Dodging the weather and increasing input costs

Increasing input prices and erratic weather are driving the decisions that XtremeAg’s Matt Miles, Kevin Matthews, and Kelly Garrett are making this spring.

Matt Miles - MgGehee, Arkansas

Matt is a fourth-generation farmer in southeast Arkansas who grows corn, soybeans, rice, and cotton.

As I write this update we are still waiting on dry weather. The last time we had planters in the field was six days ago with rain coming in about the time it dries up every few days. The rain is worrying us a little bit, but we are looking at 32°F. lows forecast for the first part of April. This is probably more of a concern for us as we have both corn and beans emerged. But how do you plan for a 32°F. night in April in the Delta? That’s not the normal weather for our area, but in farming, nothing seems even close to normal anymore.

We have an outstanding start on our corn and beans. We are 85% planted on corn and 17% planted on beans. We just need to put together some dry days to get finished up. We will also start planting rice and cotton very soon.

Kevin Matthews - East Bend, North Carolina

Kevin and his wife, Cindy, own and operate Matthews Family Farms of North Carolina, Inc., Precision Nutrient Management, Inc., and Deep Creek Grain, Inc. in East Bend and Yadkinville.

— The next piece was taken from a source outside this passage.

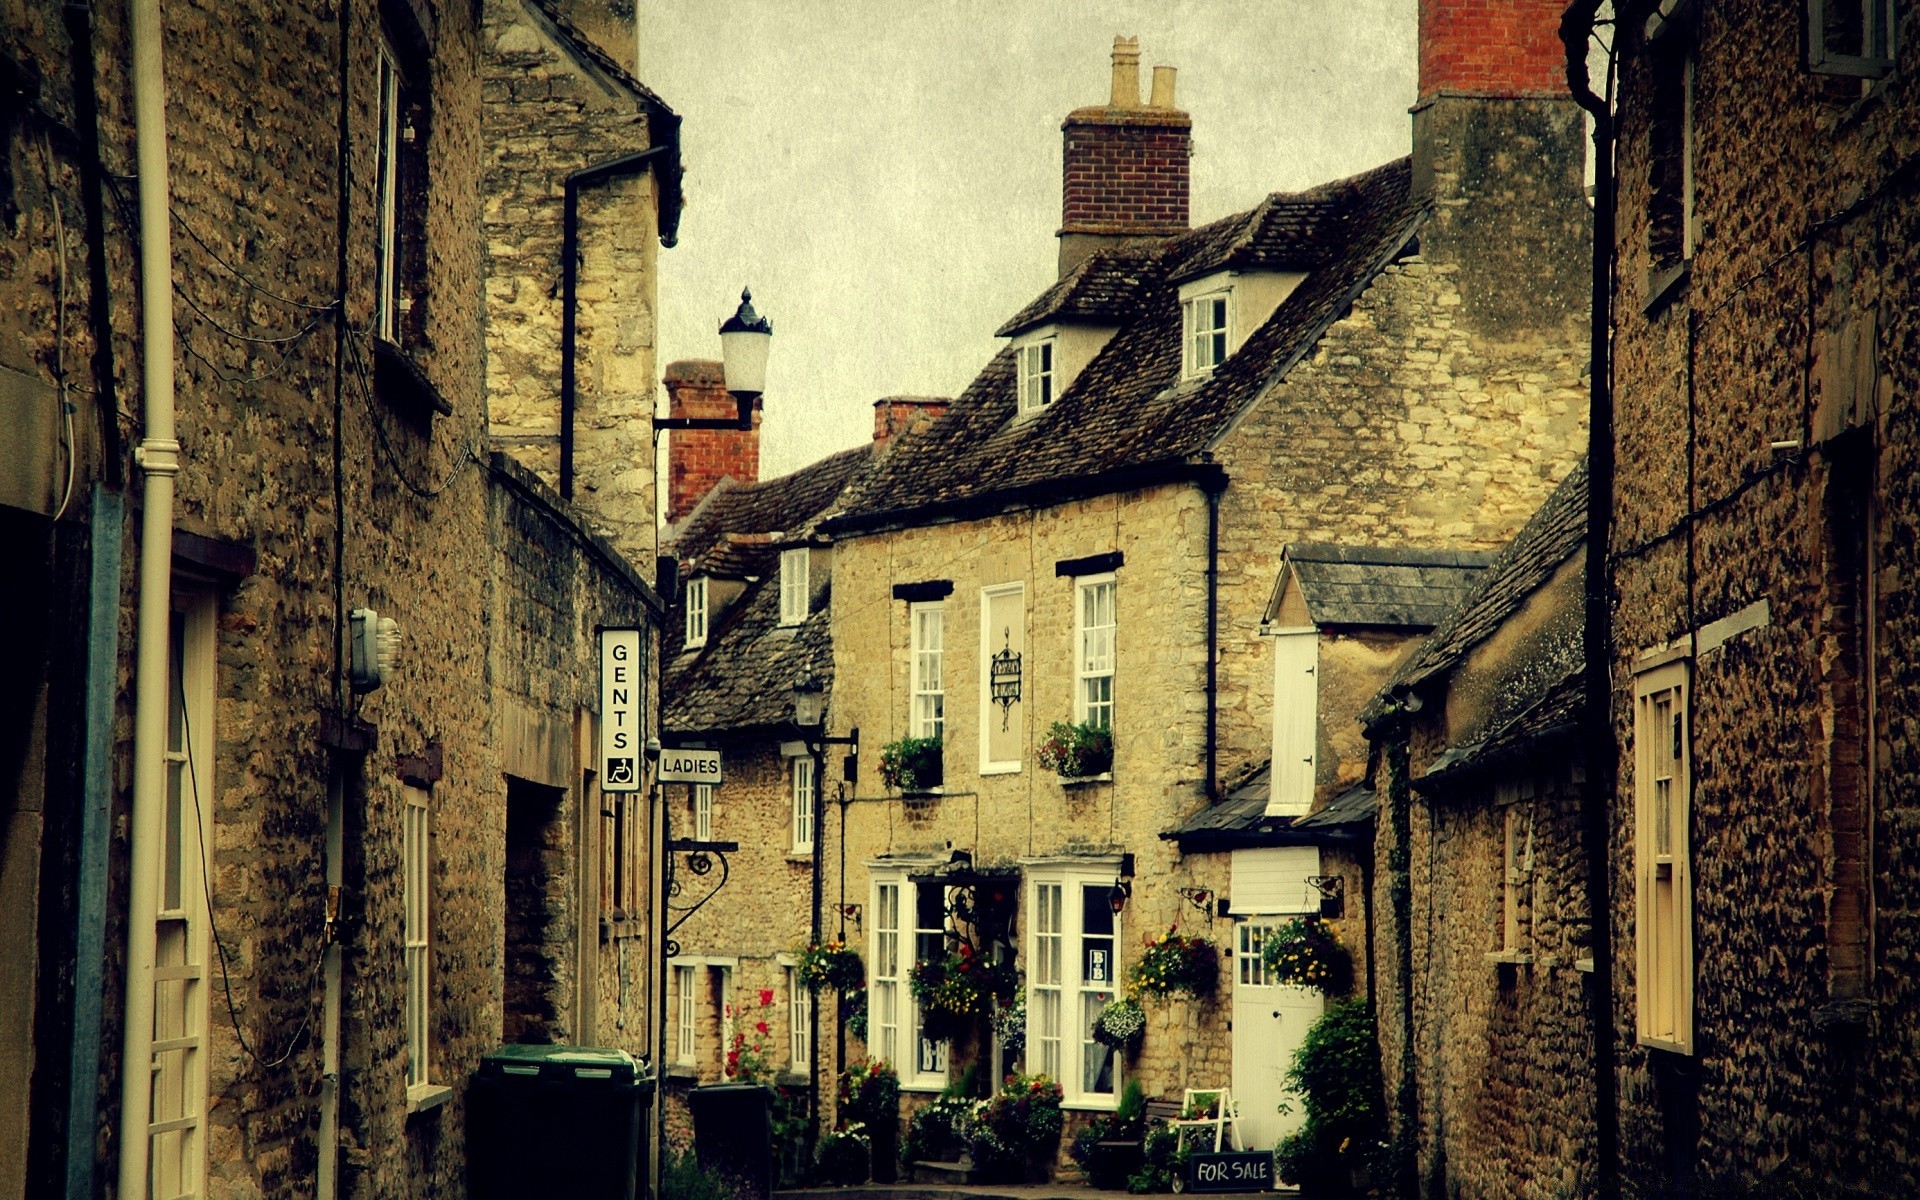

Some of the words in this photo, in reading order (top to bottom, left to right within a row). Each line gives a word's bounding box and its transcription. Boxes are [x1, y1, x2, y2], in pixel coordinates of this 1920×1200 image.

[613, 645, 627, 749] GENTS
[664, 758, 718, 774] LADIES
[1198, 1161, 1229, 1181] FOR
[1232, 1162, 1267, 1180] SALE

You can tell that grain prices are rising because the mail is full of advertisements from all kinds of companies making promising yield increases with their products. Seems like I just need to use every one of these products and that 5- to 20-bpa yield boost will come easy, right?

Of course not, but that is where we are going to have some fun this year since we’ll run XtremeAg trials on some of these so-called “miracle” products and see which ones are the real yield-gainers – and which ones are are just good ol’ snake oil.

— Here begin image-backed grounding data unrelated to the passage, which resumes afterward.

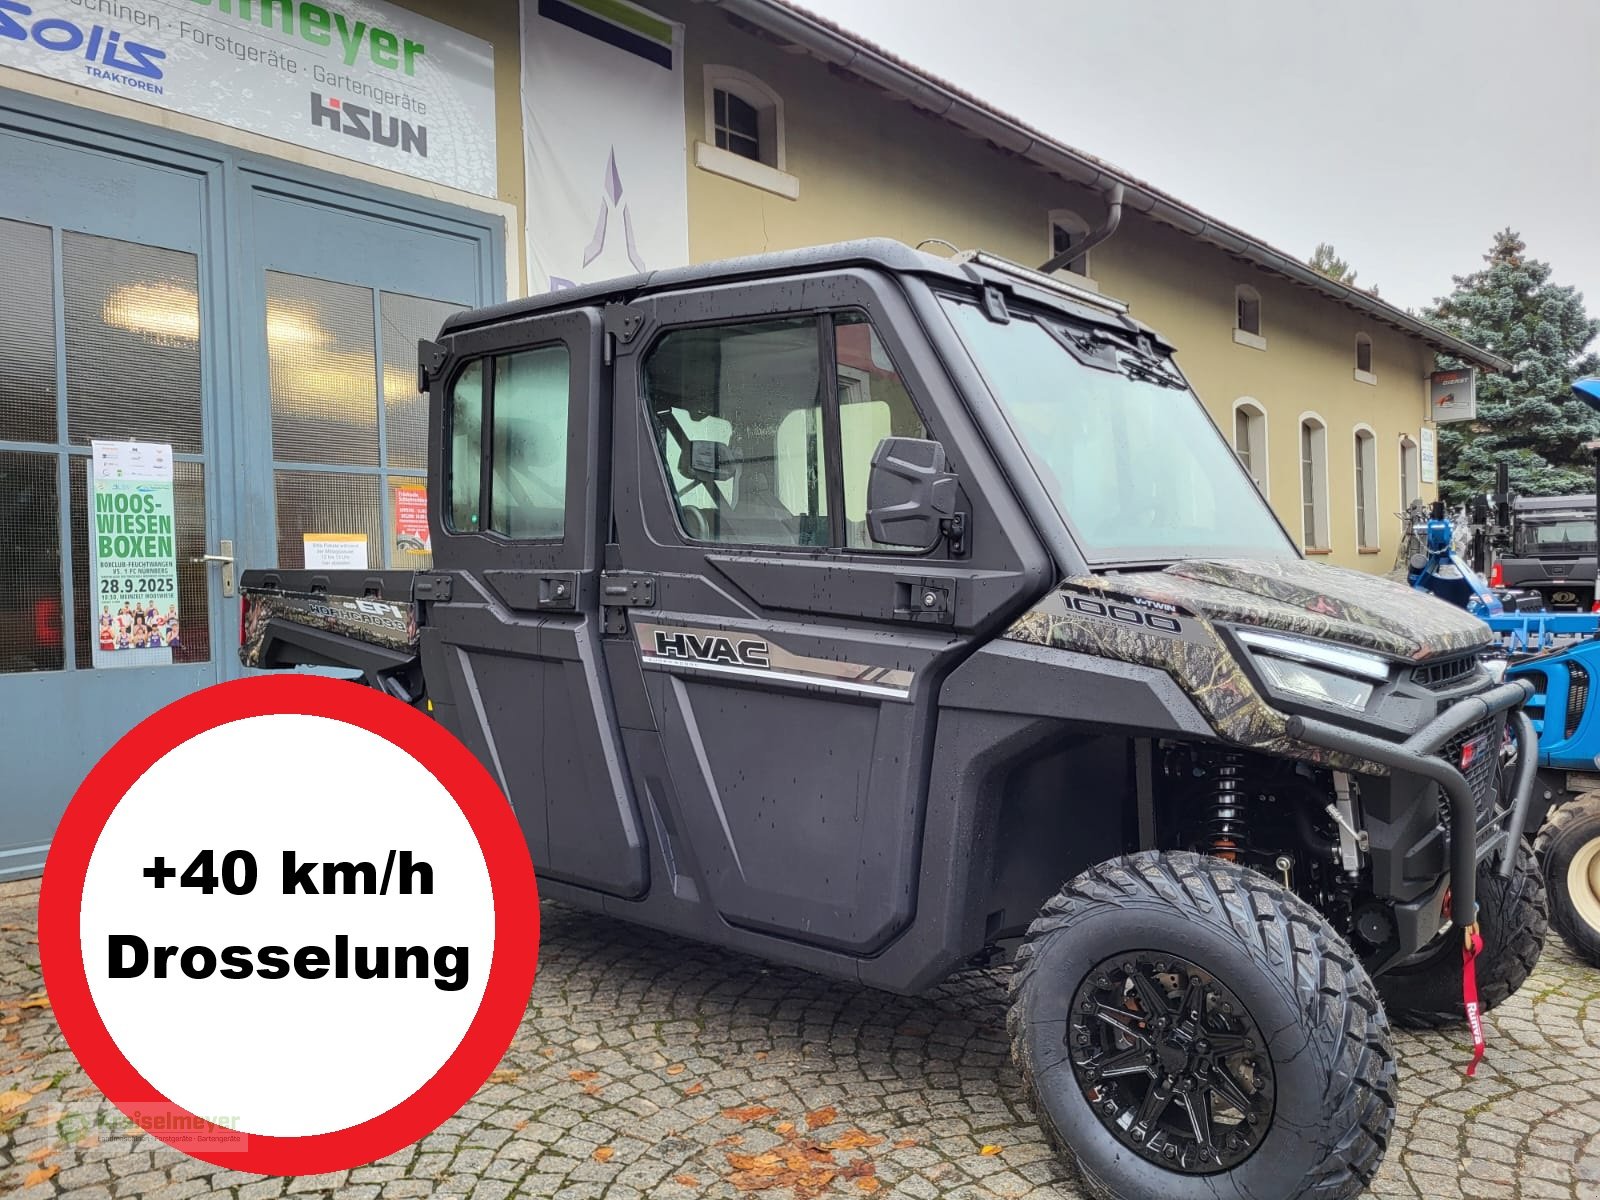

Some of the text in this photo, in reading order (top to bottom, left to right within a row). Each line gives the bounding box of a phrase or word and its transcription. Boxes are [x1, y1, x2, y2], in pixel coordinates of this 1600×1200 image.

[180, 20, 298, 74] Forstgeräte
[313, 65, 427, 115] Gartengeräte
[85, 65, 163, 95] TRAKTOREN
[96, 493, 162, 514] MOOS-
[96, 514, 171, 534] WIESEN
[98, 535, 173, 558] BOXEN
[101, 578, 174, 594] 28.9.2025
[1059, 593, 1183, 634] 1000
[1133, 596, 1176, 612] V-TWIN
[653, 630, 770, 668] HVAC

Rain in the last week of March was nearly 4 inches, stopping all spraying and spreading applications. Early planting has pretty much not been a possibility, which turned out to be a good thing considering we had a few days last week with low temperatures dipping into the 20s, certainly not ideal for young crops.

Map of North Carolina precipitation
Iowa Environmental Mesonet

We are seeing a few fields of barley and wheat with a flag leaf. We certainly will have damage, but fortunately, our wheat is not that far along yet. We will put 25 pounds of nitrogen and some Sweet Success from Concept Agri-Tek on this week while spraying burndown on corn and soybean land with the other sprayer.

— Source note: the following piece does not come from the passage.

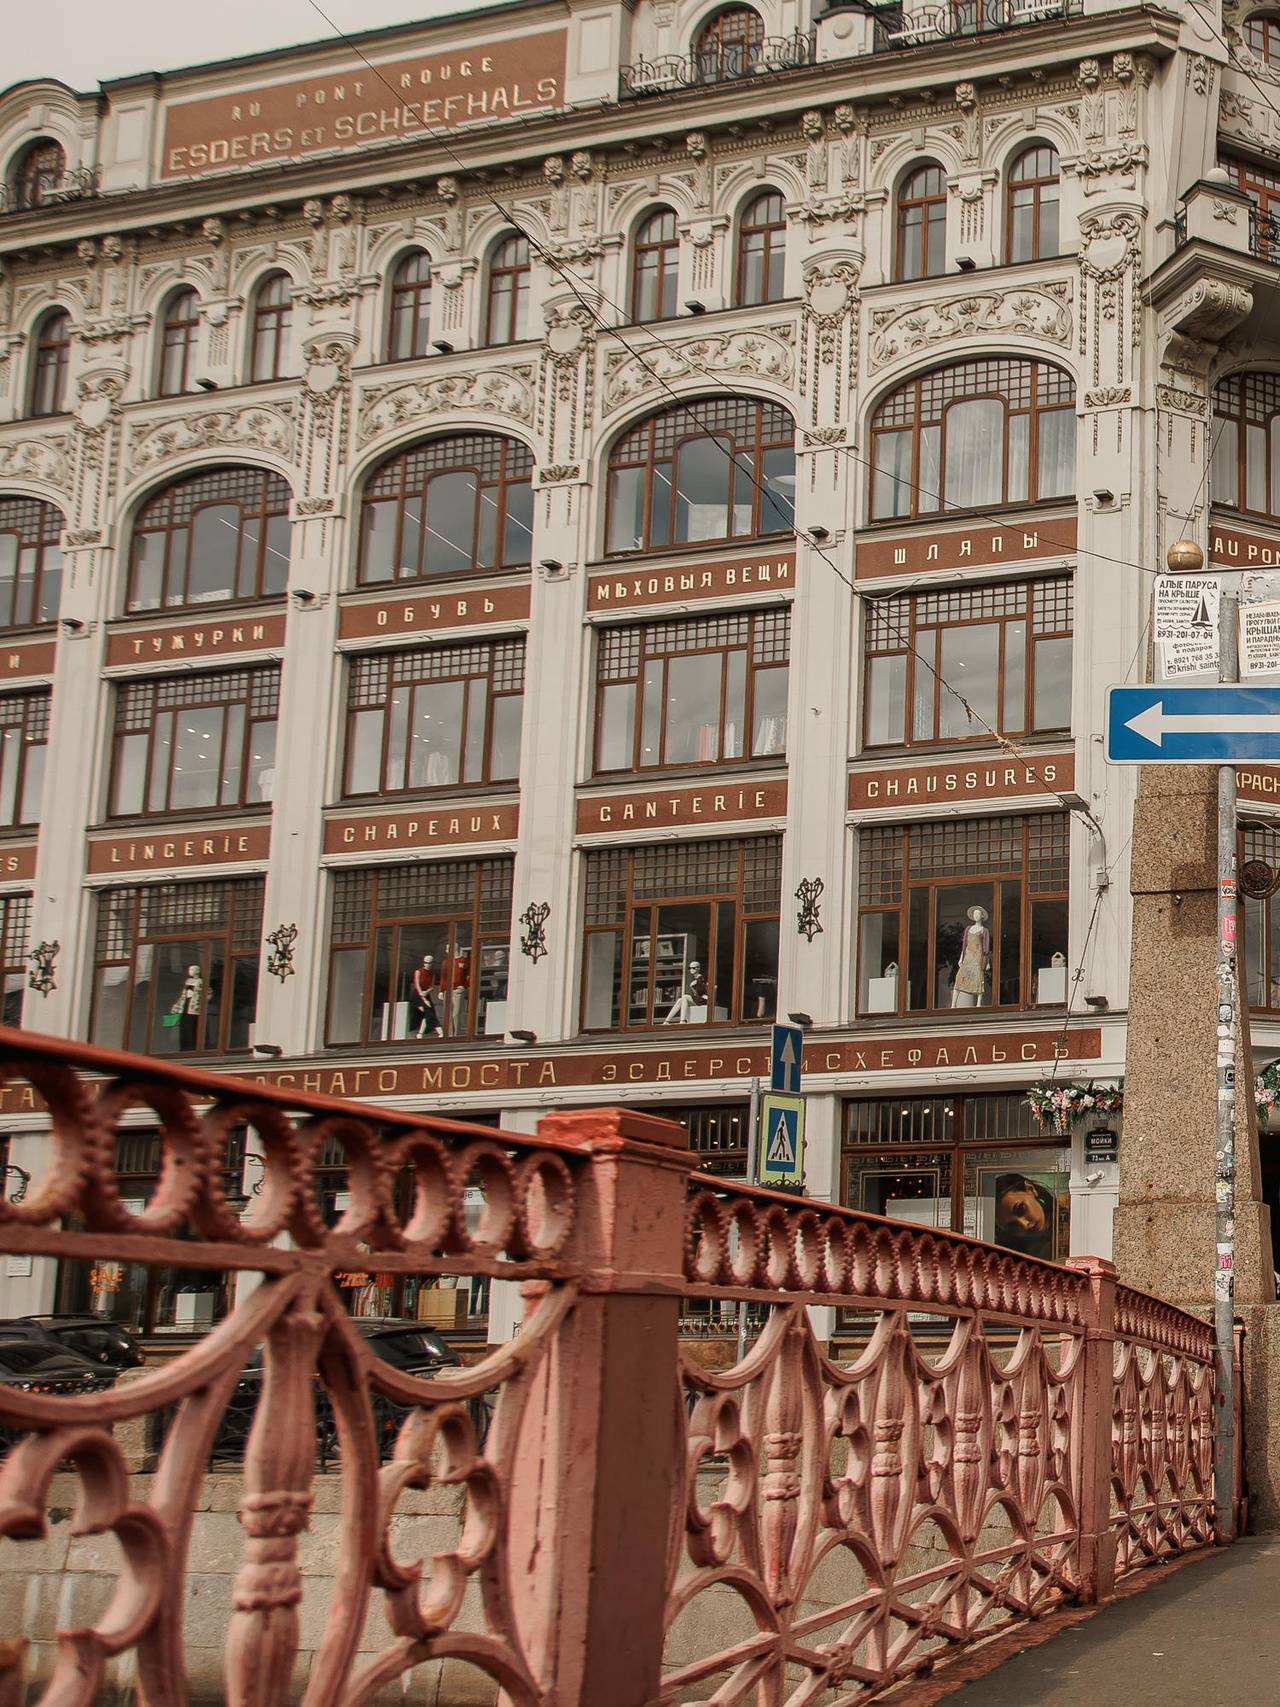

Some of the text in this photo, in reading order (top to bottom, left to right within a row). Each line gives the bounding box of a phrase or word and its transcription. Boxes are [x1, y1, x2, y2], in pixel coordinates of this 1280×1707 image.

Hopefully, we will finish getting tile put in from Advanced Drainage Systems and possibly get some soybeans planted by the end of the week, if the weather permits. The next couple of weeks are not looking good for fieldwork with more rain forecast. It is starting to get very stressful having to dodge the wet weather this much so early in the season. If there is one thing we know for sure, it’s that you can’t plant in wet ground and expect to reach above-average yields.

Most of our test plots have now been settled and discussions with XtremeAg partners about vegetation applications of fungicides, foliar fertilizers, and other stress-relieving components are ongoing. At XtremeAg we have some cool research that will be a huge benefit to our members and our operations.

With our soybeans, we pay attention to variety, maturity, and plant dates especially with wet weather coming. Switching from group 4 to group 3 soybeans may allow more sunlight during the reproductive stage. We’ll share more about our decision-making process on XtremeAg.farm.

With all this work to do, help is tough to find, and we currently are looking for truck drivers and knowledgeable agriculture equipment operators.

Kelly Garrett - Arion, Iowa

A fifth-generation farmer, Kelly Garrett farms corn, soybeans, and winter wheat in western Iowa.

Kelly Garrett applying plant food
Photo credit: Xtreme Ag

Due to high fertilizer prices, we are applying more of our plant food soil amendment product this spring. This 500 gallons of plant food has an analysis of 14-105-24-105S and is applied for $65 an acre. It also contains 170 pounds of organic carbon. We have seen huge yield benefits from this product in soils with a high base saturation of calcium and magnesium. Manure from our cattle lot is also being hauled and spread on our fields.

Manure spreading on an Iowa farm with three John Deere tractors
Photo credit: Xtreme Ag

In the next few days, we will begin planting soybeans. We will start with 1.1 and 1.3 relative maturities from Hefty Seed Company. On these beans, we are treating them with Flo Rite and Obvius Plus from BASF.